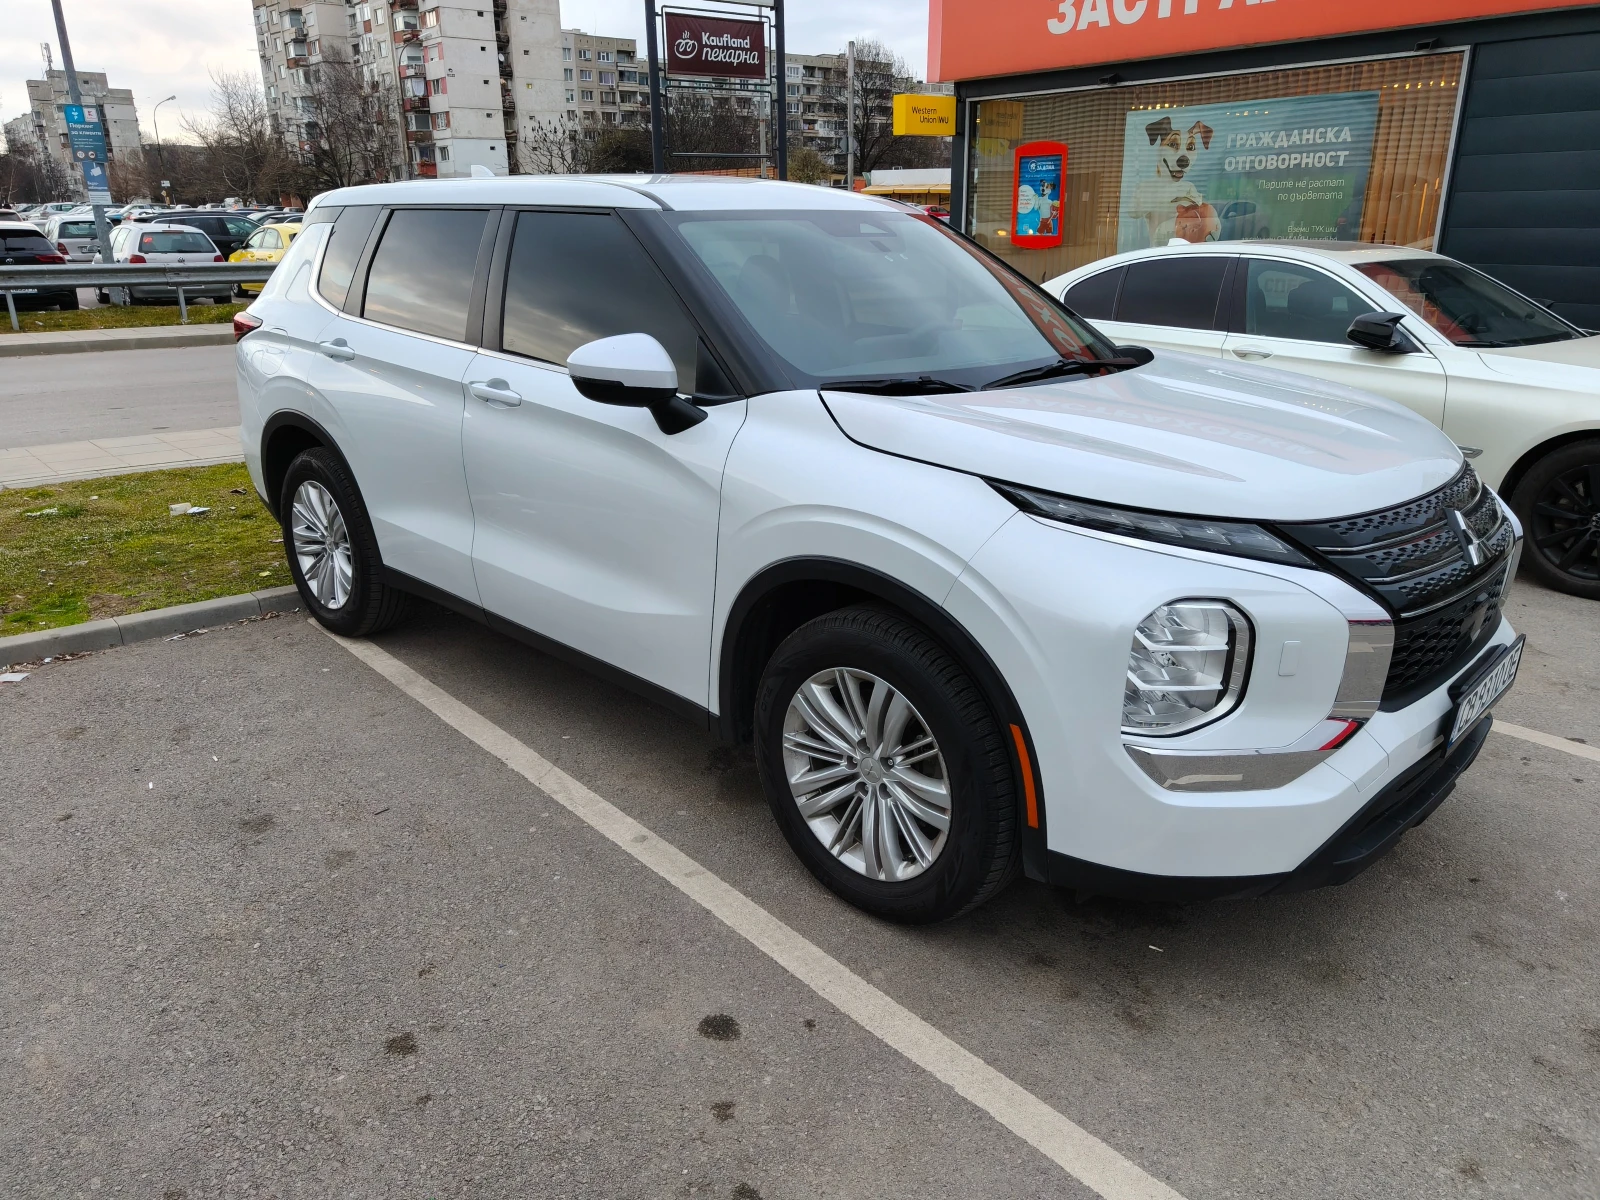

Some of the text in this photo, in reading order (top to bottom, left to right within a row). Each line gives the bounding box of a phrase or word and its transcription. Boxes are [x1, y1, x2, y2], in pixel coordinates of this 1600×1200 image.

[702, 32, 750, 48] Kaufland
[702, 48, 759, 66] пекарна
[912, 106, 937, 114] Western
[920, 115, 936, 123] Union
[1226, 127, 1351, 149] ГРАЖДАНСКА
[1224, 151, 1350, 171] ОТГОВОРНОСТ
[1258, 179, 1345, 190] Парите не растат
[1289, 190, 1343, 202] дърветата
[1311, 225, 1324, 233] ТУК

What this task involves:
Restate the material above word for word, dropping the pictures.

Solution to this task:
Some of the text in this photo, in reading order (top to bottom, left to right within a row). Each line gives the bounding box of a phrase or word and its transcription. Boxes are [x1, y1, x2, y2], in pixel coordinates of this 1600×1200 image.

[702, 32, 750, 48] Kaufland
[702, 48, 759, 66] пекарна
[912, 106, 937, 114] Western
[920, 115, 936, 123] Union
[1226, 127, 1351, 149] ГРАЖДАНСКА
[1224, 151, 1350, 171] ОТГОВОРНОСТ
[1258, 179, 1345, 190] Парите не растат
[1289, 190, 1343, 202] дърветата
[1311, 225, 1324, 233] ТУК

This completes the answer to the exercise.